Cheetor had never been much of a city-slicker. Before signing on to the _Axalon_ exploration mission, and meeting the group that would become his closest friends for life, he had spent much of his existence in a minor agricultural settlement on Velocitron’s central landmass. The long solar-cycles spent nurturing his athletic skills and adventurous programming on that world’s vast, dusty expanses would have easily qualified him to represent his people at the Galactic Games, but far stronger was his fascination with the many forms and colours life could take on distant worlds, and his desire to see those worlds for himself.

          Before the victorious return to the home-world with Megatron in chains, Cheetor had only ever been to Cybertron to attend the Academy of Science and Technology. Like any student, he had gone on plenty of sojourns into Iacon’s entertainment promenades between projects, and he fondly remembered his visits to the Six Lasers amusement park. He had faced those tests of bravado that young mechanoids were challenged to undertake by their senior class-men, but even a night in the supposedly haunted Black Lodge could never have prepared him for what Rattrap revealed to him now.

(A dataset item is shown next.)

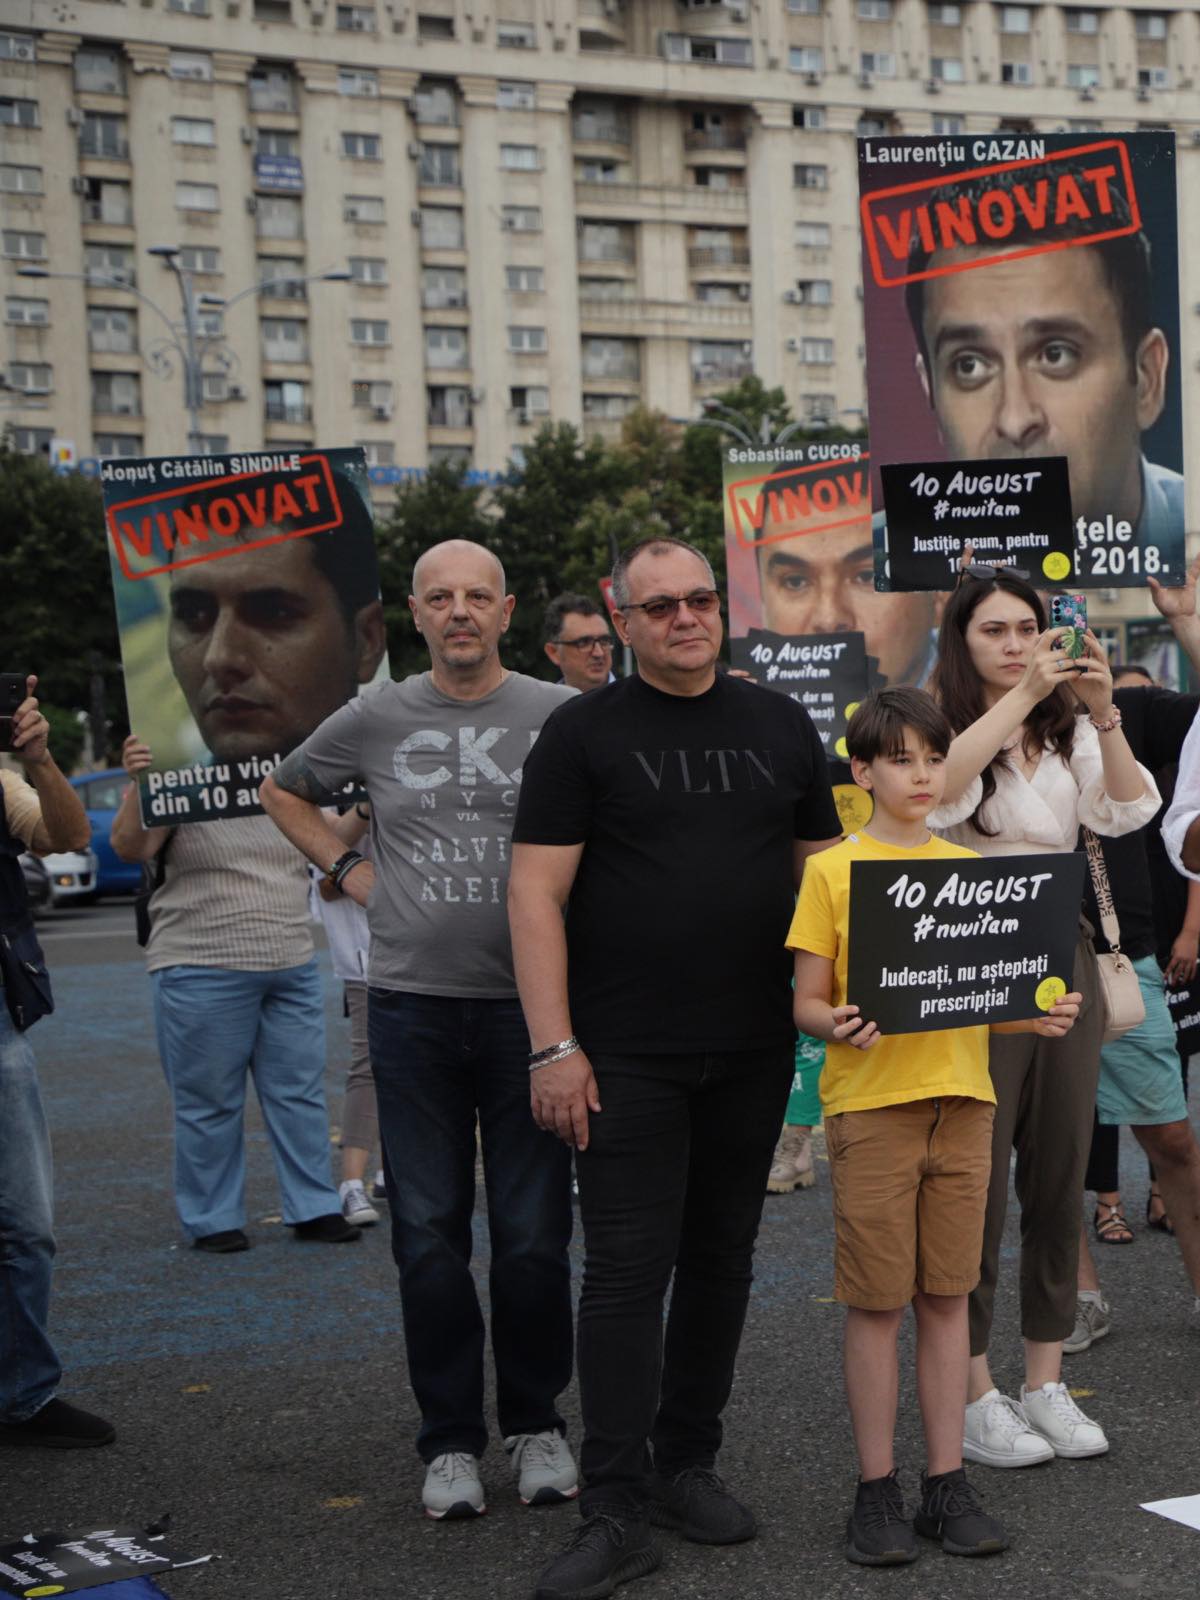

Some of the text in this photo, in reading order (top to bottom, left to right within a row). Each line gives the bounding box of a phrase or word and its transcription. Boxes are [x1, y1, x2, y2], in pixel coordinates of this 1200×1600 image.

          The sub-levels were like an entirely different world. Rust-covered walkways spanned an abyss that seemed to go on forever in three dimensions. Illumination was provided by light bars suspended from dizzying spider-webs of criss-crossing pipes. Every so often, they would pass the entrance to a conduit tube or access shaft that curved off in one of a dozen mindboggling directions. According to Rattrap, only those robots who spent their lives in the under-grid truly knew how to navigate it.

          “So how come you know it so well?” Blackarachnia asked. “Last I checked, you were an Academy ’bot, not a tunnel rat.”

          “Eh, my ’rental units were grid navvies,” Rattrap replied, shrugging. “It’s the next best thing. I practically got the schematics hardwired into my central processor.”

          “Izzzz walk going to take much longer?” whined Waspinator. “Wazzzzpinator’s legs getting tired!”

          “Keep your stripes on,” said Rattrap. “There’s a travel pod station at the next intersection. It’ll take us right where we need to go.”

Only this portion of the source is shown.